Problem to work on: Your answer should be an exact copy of all the entries, free of pictures.

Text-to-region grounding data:
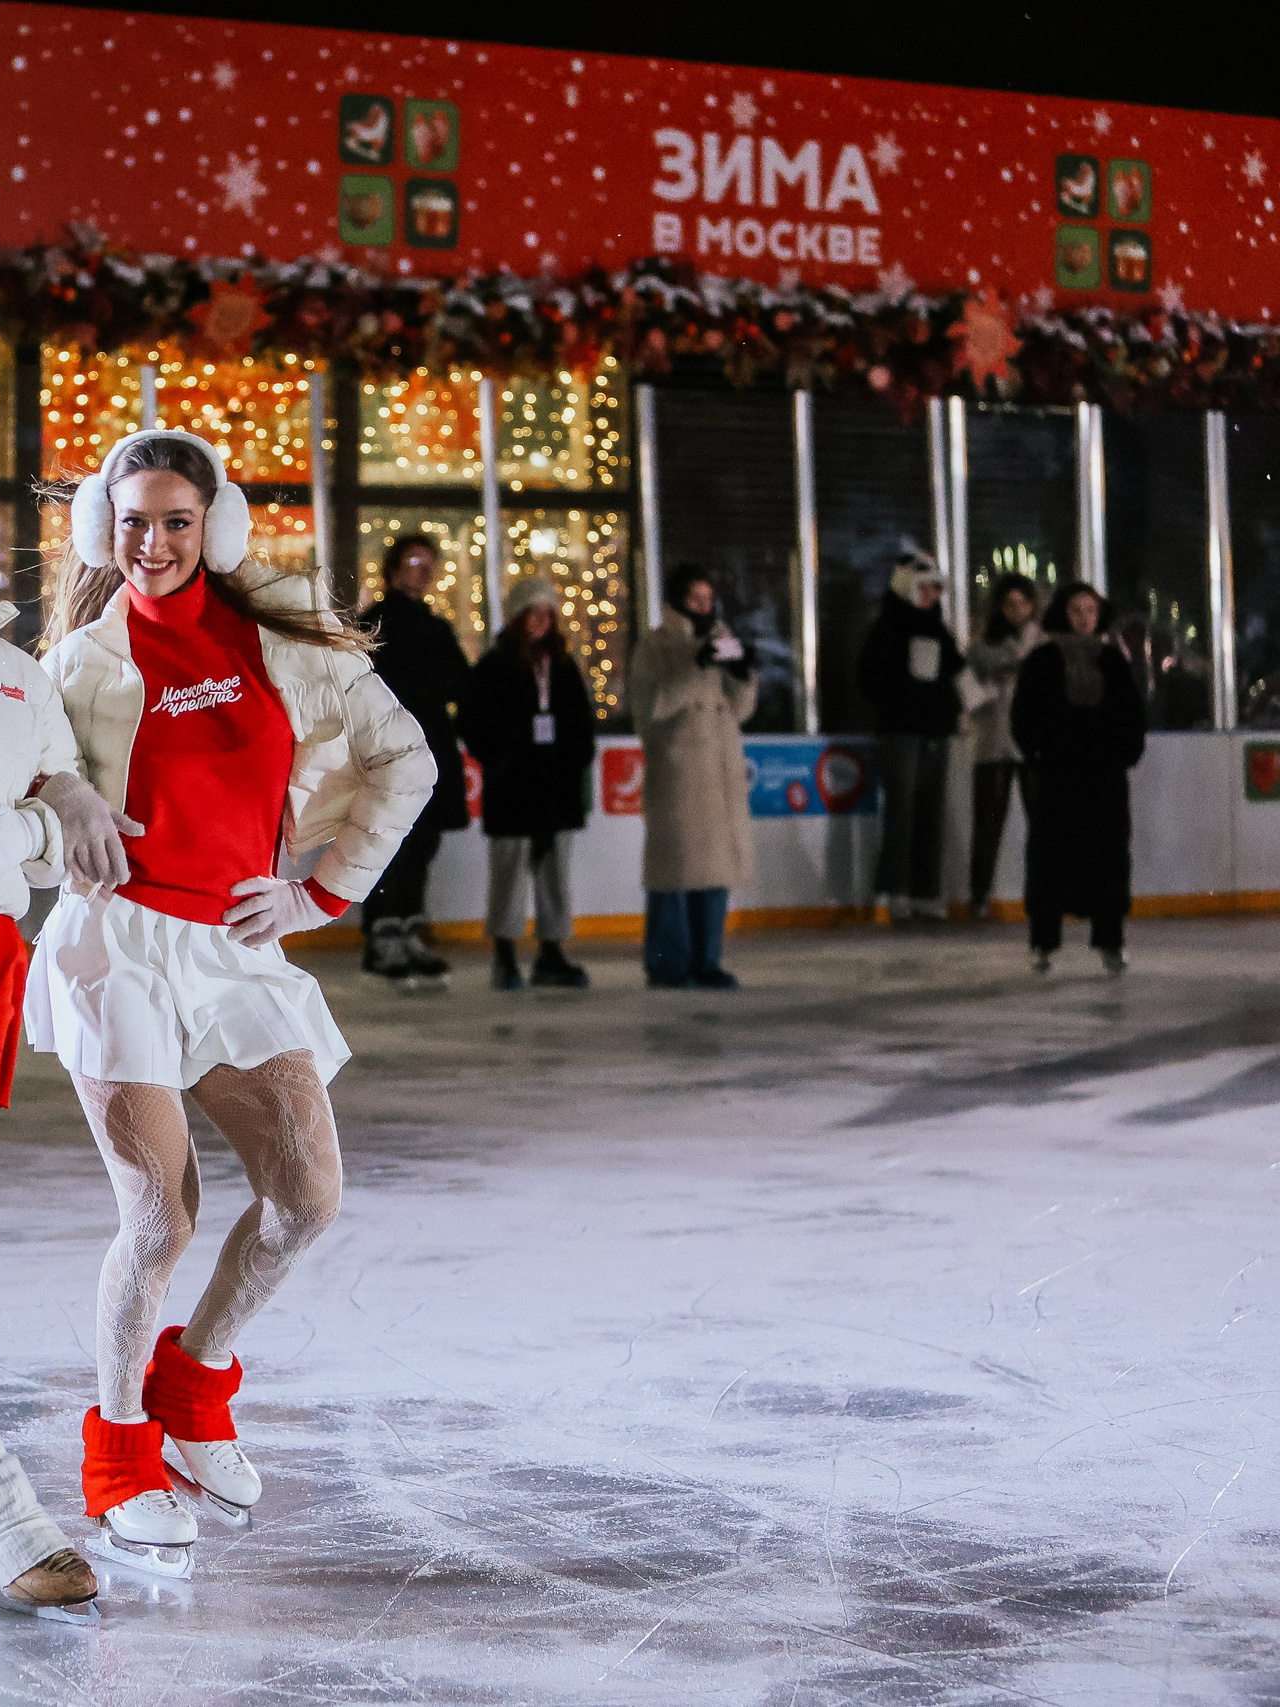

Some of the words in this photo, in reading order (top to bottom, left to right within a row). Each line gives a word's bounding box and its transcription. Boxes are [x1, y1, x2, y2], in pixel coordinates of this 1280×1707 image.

[652, 127, 881, 215] ЗИМА
[652, 212, 683, 252] В
[696, 215, 882, 266] МОСКВЕ
[150, 675, 241, 713] Московское
[161, 689, 243, 718] чаепитие

Answer below:
Some of the words in this photo, in reading order (top to bottom, left to right within a row). Each line gives a word's bounding box and its transcription. Boxes are [x1, y1, x2, y2], in pixel coordinates of this 1280×1707 image.

[652, 127, 881, 215] ЗИМА
[652, 212, 683, 252] В
[696, 215, 882, 266] МОСКВЕ
[150, 675, 241, 713] Московское
[161, 689, 243, 718] чаепитие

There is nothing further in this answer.